▸ **Exercise brief**
Please transcribe the data that follows without the pictures, keeping every word the same.

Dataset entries
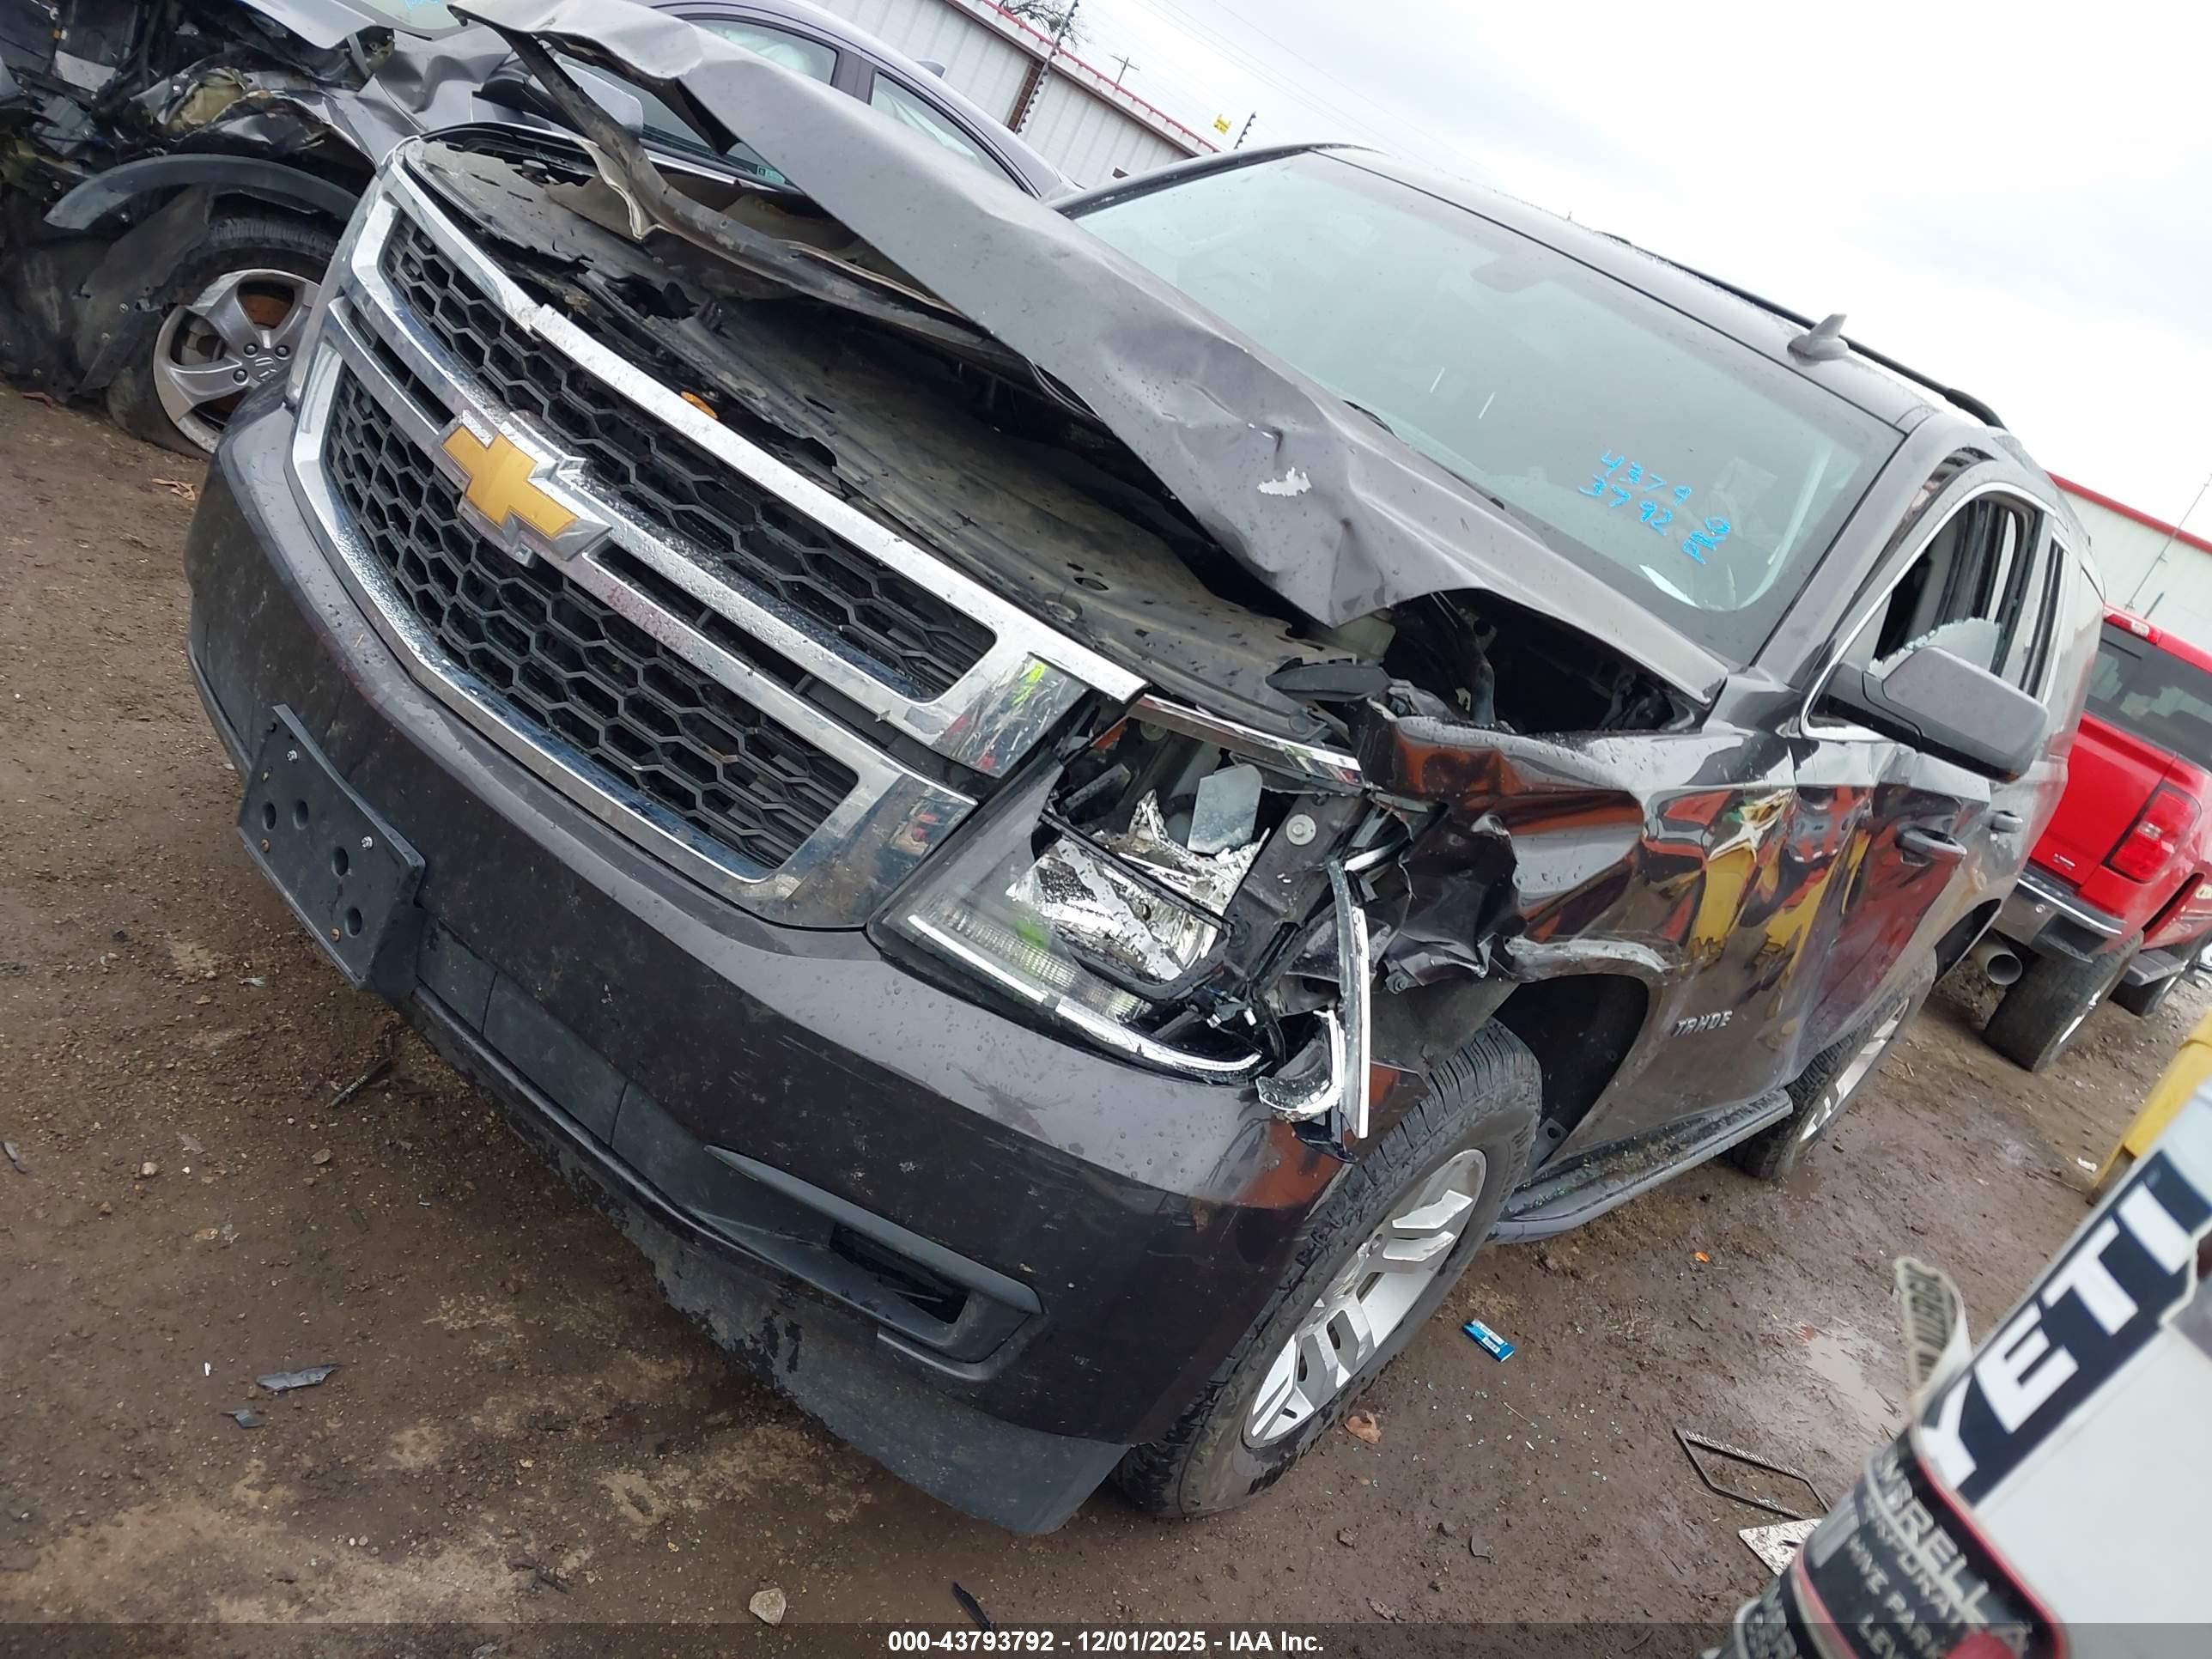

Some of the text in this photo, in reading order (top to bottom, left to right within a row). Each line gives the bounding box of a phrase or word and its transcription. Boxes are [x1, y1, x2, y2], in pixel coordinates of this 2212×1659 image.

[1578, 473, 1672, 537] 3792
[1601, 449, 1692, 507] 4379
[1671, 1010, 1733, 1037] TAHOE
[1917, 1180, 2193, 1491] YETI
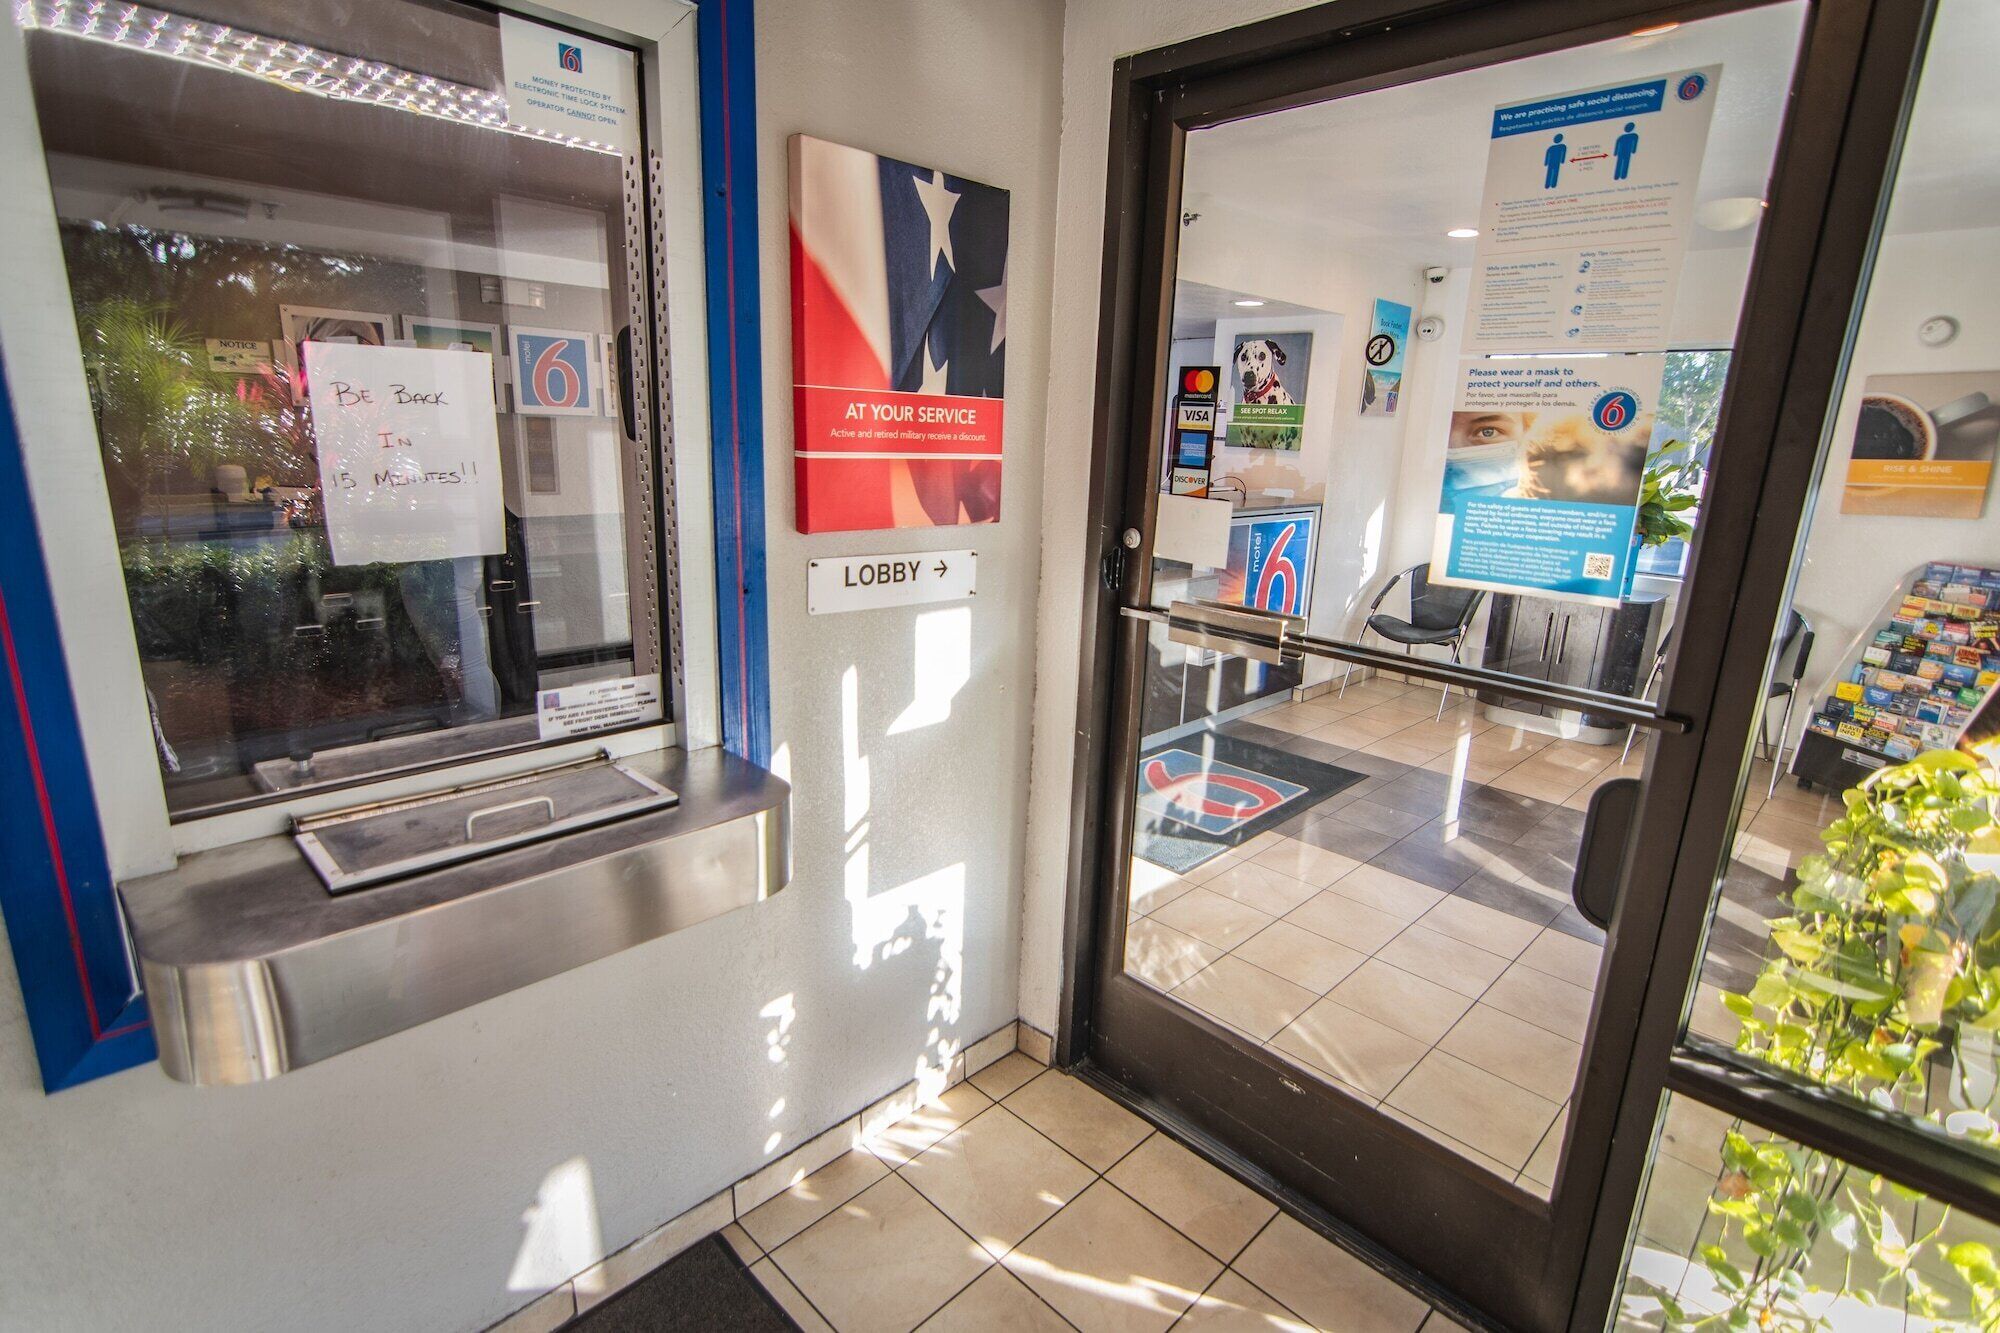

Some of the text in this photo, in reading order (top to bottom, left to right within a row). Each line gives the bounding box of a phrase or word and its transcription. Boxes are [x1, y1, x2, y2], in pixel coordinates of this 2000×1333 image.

▸ **Written reply**
Some of the text in this photo, in reading order (top to bottom, left to right within a row). Each line gives the bounding box of a phrase or word and its transcription. Boxes are [x1, y1, x2, y2], in pixel coordinates of this 2212×1659 image.

[1578, 473, 1672, 537] 3792
[1601, 449, 1692, 507] 4379
[1671, 1010, 1733, 1037] TAHOE
[1917, 1180, 2193, 1491] YETI

Some of the text in this photo, in reading order (top to bottom, left to right within a row). Each line gives the bounding box of a phrase or word and its transcription. Boxes are [x1, y1, x2, y2], in pixel coordinates of this 2000×1333 image.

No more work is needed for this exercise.